28 MAG - La Società Italiana di Nefrologia (Sin), unitamente alla Fondazione Italiana del Rene Onlus (Fir Onlus) chiede la prescrivibilità dei farmaci antidiabetici inibitori di SGLT-2 (SGLT2-I). L’effetto nefroprotettivo di questi farmaci consentirebbe un minor tasso di ospedalizzazioni per insufficienza cardiaca [Wanner, Circulation 2017] e il risparmio di circa 25.000.000 di euro/anno per il solo trattamento dialitico.
 
“I nefrologi sono abilitati alla prescrizione in diversi paesi Europei – ha detto Pier Giorgio Messa, Presidente della Sin – ad esempio Germania e Spagna, nei quali gli SGLT2-I sono rimborsati dal Servizio sanitario, e in tutto il mondo, Italia inclusa, le nefrologie sono centri riconosciuti e attivi per la sperimentazione clinica degli SGLT2-I”.
 
“Assistiamo ad un paradosso – ha affermato  il Presidente della Fir Onlus Loreto Gesualdo – per migliorare la nefroprotezione con l’ausilio degli SGLT2-I, i pazienti nefropatici con DM, ad alto rischio CV, anziani e fragili, devono rivolgersi al diabetologo anziché al nefrologo, con spreco di risorse e di tempo, facendo aumentare la complessità del percorso terapeutico già di per sé difficile, perché deve essere adattata in maniera quasi sartoriale ad ogni singolo paziente.
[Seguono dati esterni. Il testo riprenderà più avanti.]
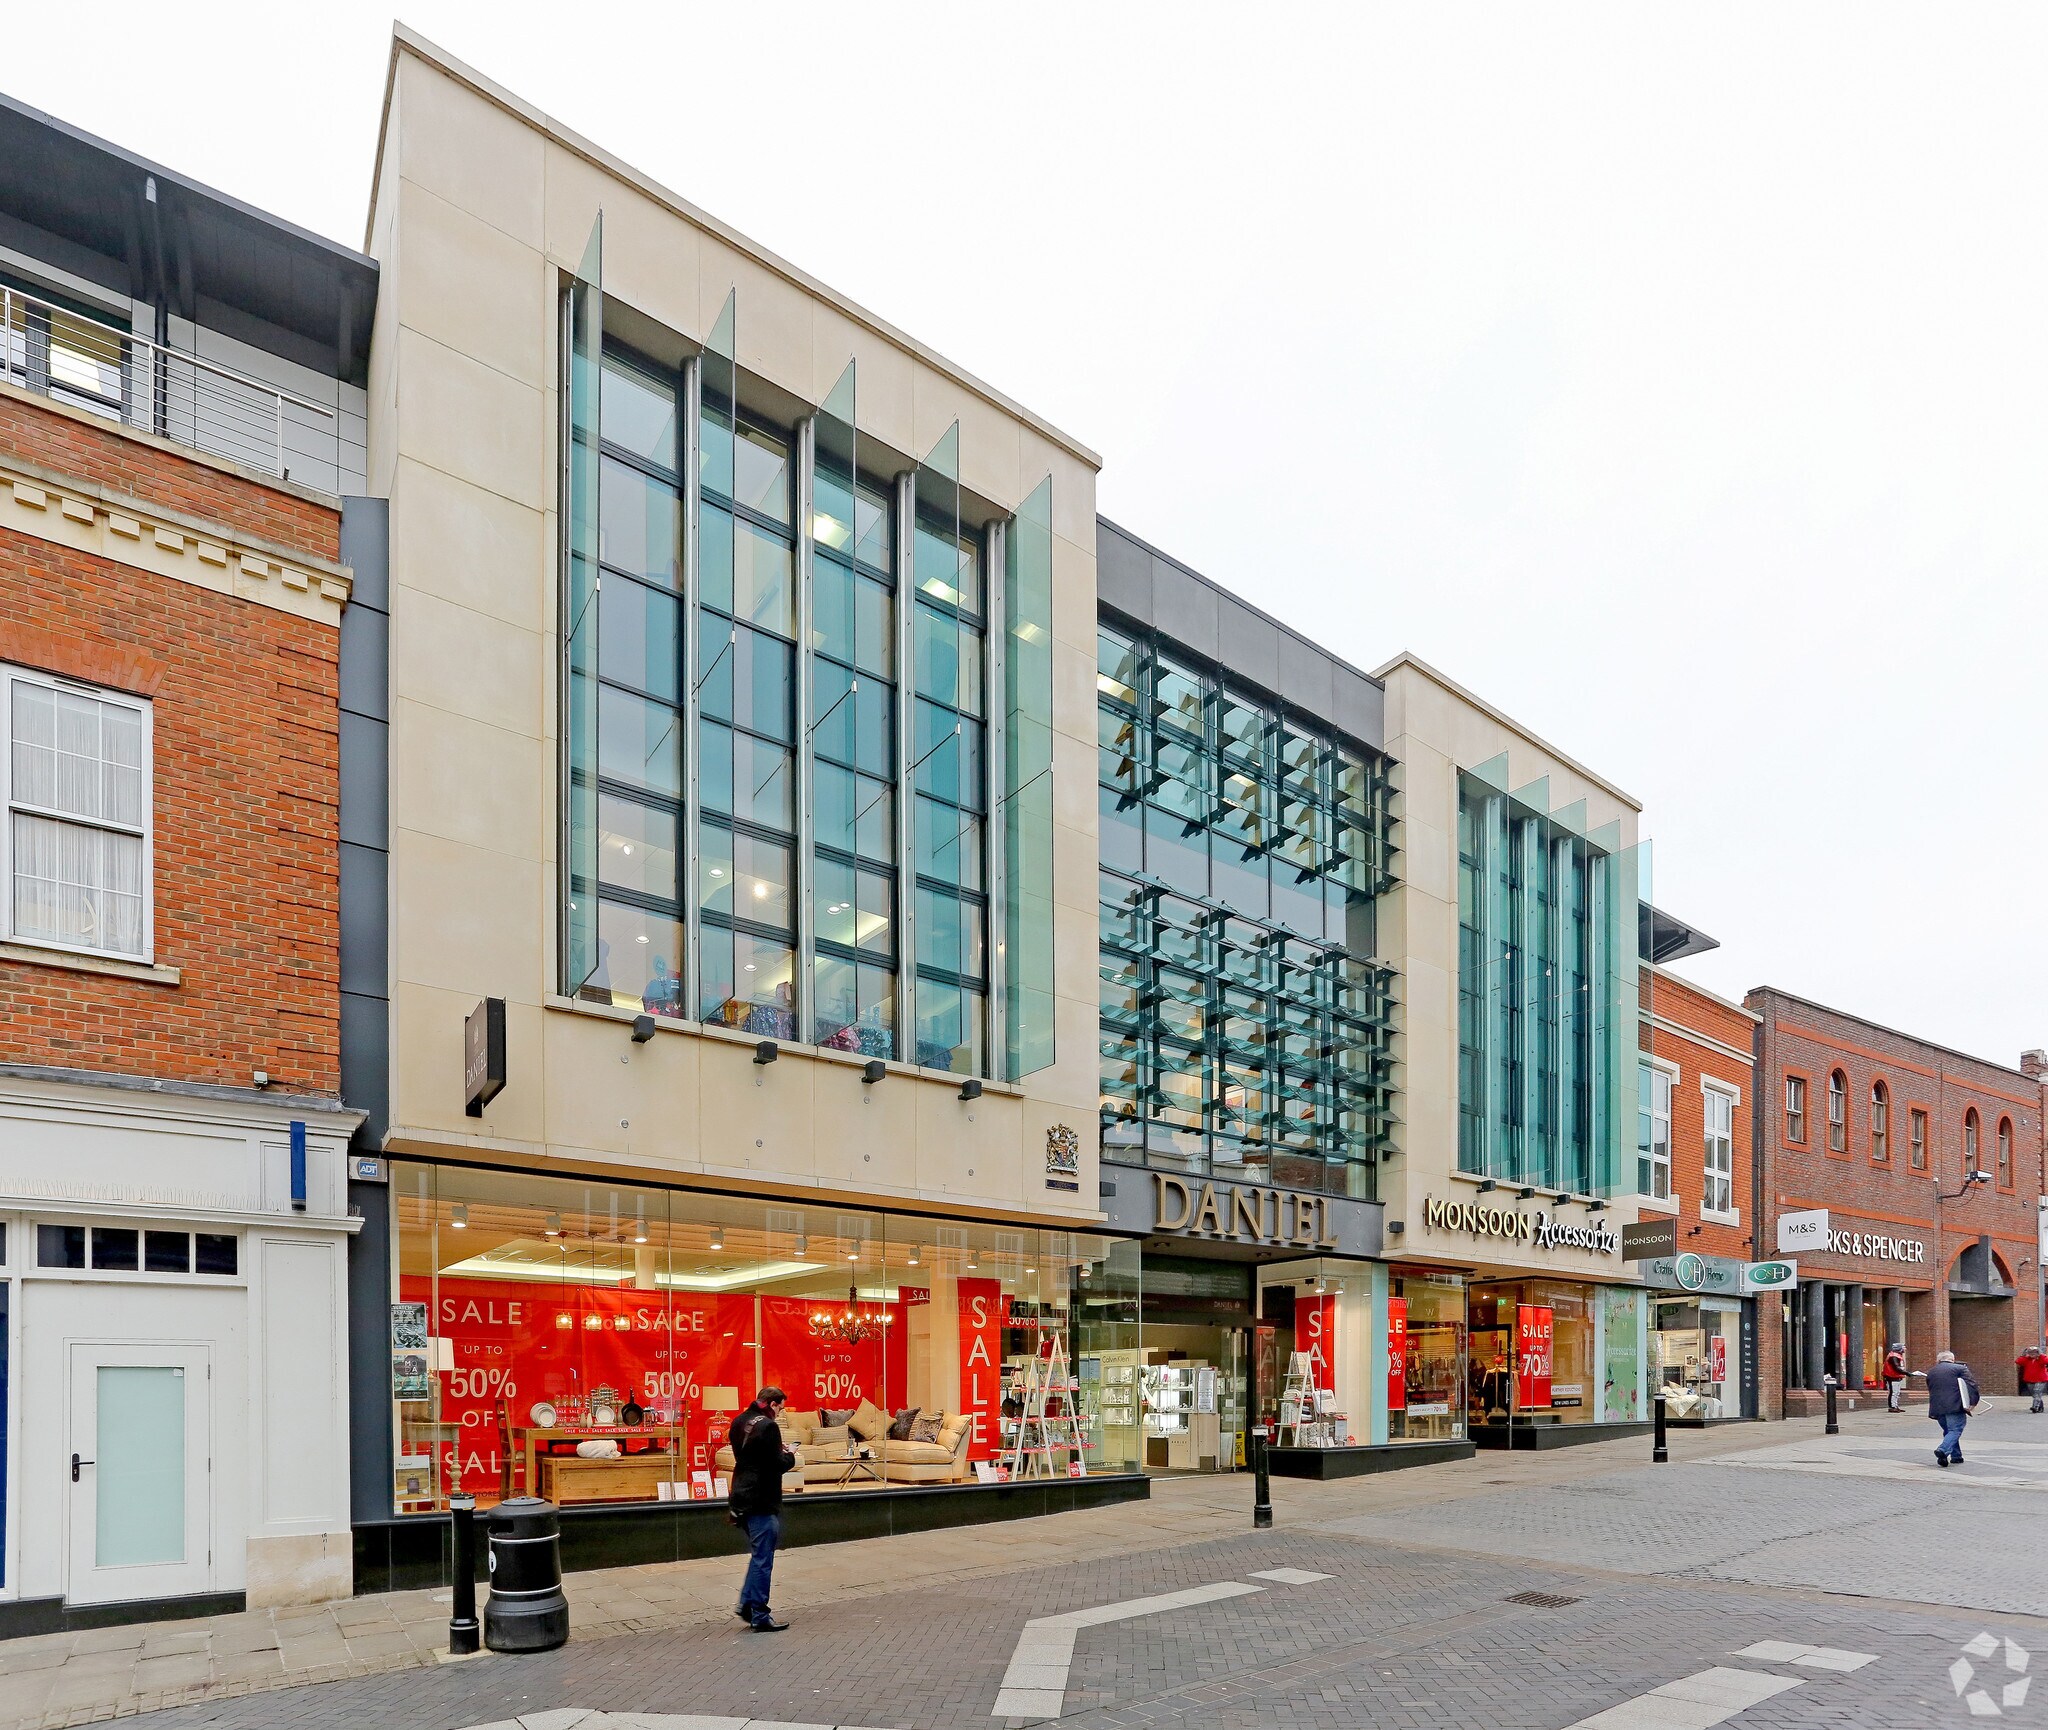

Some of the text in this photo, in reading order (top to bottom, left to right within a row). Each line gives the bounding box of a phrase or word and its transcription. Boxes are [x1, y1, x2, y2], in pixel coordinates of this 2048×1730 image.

[466, 1048, 487, 1088] DANIEL
[360, 1165, 377, 1174] ADT
[1153, 1173, 1340, 1248] DANIEL
[1425, 1197, 1620, 1255] MONSOON Accessorize
[1788, 1222, 1817, 1234] M&S
[1624, 1234, 1672, 1246] MONSOON
[1822, 1229, 1924, 1263] RKS & SPENCER
[1654, 1259, 1673, 1275] Crafts
[1681, 1260, 1702, 1283] C&H
[1706, 1266, 1724, 1281] Home
[1754, 1266, 1787, 1280] C&H
[913, 1289, 930, 1300] SAL
[442, 1299, 522, 1325] SALE
[637, 1308, 705, 1331] SALE
[1388, 1318, 1403, 1334] LE
[1522, 1324, 1550, 1339] SALE
[464, 1346, 503, 1355] UP TO
[1308, 1311, 1327, 1368] SA
[655, 1351, 688, 1359] UP TO
[839, 1355, 852, 1363] TO
[1522, 1354, 1550, 1377] 70%
[967, 1296, 991, 1444] SALE
[450, 1368, 517, 1398] 50%
[644, 1371, 700, 1399] 50%
[814, 1374, 861, 1399] 50%
Eppure, gli SGLT2-I, introdotti nella farmacopea diabetologica nell’ultimo quinquennio, hanno dimostrato una importante efficacia nefroprotettiva”.
 
Lo studio di Fase III DAPA-CKD (DApagliflozin and Prevention of Adverse outcomes in Chronic Kidney Disease), attuato per valutare la sicurezza e l’efficacia di dapagliflozin nei pazienti affetti da malattia renale cronica (Ckd), è stato interrotto precocemente nell’aprile del 2020 a seguito della valutazione della conclamata efficacia di dapaglifozin. “Per la prima volta – aggiunge Messa – è davvero possibile cambiare la storia naturale della malattia renale cronica. Diversi studi oggi disponibili sulle glifozine hanno infatti evidenziato una riduzione del 50% di ingresso per anno in dialisi”.
 
Inoltre, sono molecole che per il loro meccanismo di azione si propongono bene come farmaci “add-on”, cioè che possono essere aggiunti a terapie di altro genere, cosa di non poco conto nelle politerapie prescritte ai pazienti nefropatici. È possibile stimare che l’estensione della prescrizione di SGLT2-I agli specialisti nefrologi aumenterebbe potenzialmente il numero di soggetti da trattare di solo circa 140.000 unità a fronte di grande vantaggio terapeutico.
 
Questa stima deriva dalla Health Examination Survey 2008-2012 (meglio conosciuta come Progetto Cuore dell’Osservatorio Epidemiologico dell’Istituto Superiore di sanità), condotta in collaborazione con i Cardiologi Ospedalieri (Anmco) e Società Italiana di Nefrologia (Sin).
Lo screening su campione di popolazione generale di età 35-79 anni nelle 20 regioni Italiane, ha evidenziato che la CKD con e senza DM è presente nel 29% dei 2.180.542 soggetti adulti con CKD [De Nicola, NDT 2015].
 
In Italia sono quindi presenti 632.000 pazienti con CKD( DM e non-DM), di cui sono potenzialmente trattabili solo il 6.3% (pari a 139.800 pazienti DM-CKD), considerando che gli attuali piani terapeutici non consentono la prescrizione di SGLT2-I nella CKD medio-avanzata (ossia per eGFR <45 mL/min/1.73m2).
 
“Consentire la prescrivibilità delle glifozine ai nefrologi permetterebbe una più efficace gestione del paziente nefropatico con e senza DM, la semplificazione del percorso assistenziale, una riduzione degli end-point vascolari maggiori, quali la riduzione delle ospedalizzazioni e la mortalità per scompenso cardiaco”.